Riforma pensioni 2026, la Cgil rilancia la pensione contributiva di garanzia dopo la circolare Inps
La pubblicazione della circolare INPS, che doveva chiarire l'applicazione della recente sentenza della Corte Costituzionale in materia pensionistica, ha invece evidenziato un'importante lacuna: l'assenza di indicazioni sull'integrazione al minimo per le pensioni calcolate interamente con il metodo contributivo. Questa mancanza ha riacceso il dibattito su un tema cruciale, poiché l'integrazione al minimo rappresenta una tutela essenziale per garantire un assegno pensionistico dignitoso, ma al momento è riservata solo a chi rientra nei sistemi retributivi o misti. Di fronte a questo vuoto normativo, la CGIL ha rilanciato la sua storica proposta di una pensione contributiva di garanzia, una misura che assicuri un livello minimo di pensione a tutti i lavoratori, soprattutto quelli con carriere discontinue o salari bassi. La richiesta comprende una soglia adeguata, copertura universale e un finanziamento attraverso la fiscalità generale, ma si scontra con vincoli di bilancio e resistenze politiche.
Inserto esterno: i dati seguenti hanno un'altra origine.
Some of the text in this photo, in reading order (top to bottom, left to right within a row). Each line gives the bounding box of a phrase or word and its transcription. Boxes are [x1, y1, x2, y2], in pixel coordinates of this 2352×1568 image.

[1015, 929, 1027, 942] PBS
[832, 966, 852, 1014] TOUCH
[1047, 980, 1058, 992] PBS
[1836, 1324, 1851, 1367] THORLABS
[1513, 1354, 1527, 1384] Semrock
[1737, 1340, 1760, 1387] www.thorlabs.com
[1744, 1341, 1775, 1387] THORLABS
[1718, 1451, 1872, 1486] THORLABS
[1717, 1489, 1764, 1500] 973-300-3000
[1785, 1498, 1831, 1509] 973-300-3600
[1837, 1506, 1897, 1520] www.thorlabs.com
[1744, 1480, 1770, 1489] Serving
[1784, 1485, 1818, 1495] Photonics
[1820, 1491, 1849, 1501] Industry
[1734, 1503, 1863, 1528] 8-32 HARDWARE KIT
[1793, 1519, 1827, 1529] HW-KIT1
L'analisi dell'esperto Enrico Franzetti sottolinea come il problema sia di natura strutturale: le riforme del sistema previdenziale degli ultimi decenni hanno spostato i rischi sulla singola persona, lasciando vulnerabili milioni di lavoratori con vissuti lavorativi frammentati. La sentenza della Corte e la relativa circolare INPS affrontano solo una parte del problema e non colmano il vuoto legislativo sull'integrazione al minimo, in particolare per la pensione di inabilità. Questo implica che senza un intervento normativo mirato le diseguaglianze previdenziali persisteranno e la povertà tra i pensionati potrebbe aumentare.
Nei prossimi mesi si prevede un acceso confronto politico e sindacale intorno alla riforma pensioni, con la CGIL che manterrà alta la pressione affinché venga introdotta la pensione contributiva di garanzia. L'attuale circolare INPS, pur limitata, ha avuto il merito di rendere esplicita un'assenza normativa che non si può più ignorare. Il dibattito è aperto e la volontà politica sarà determinante per garantire un futuro previdenziale più equo e sostenibile per tutti i lavoratori.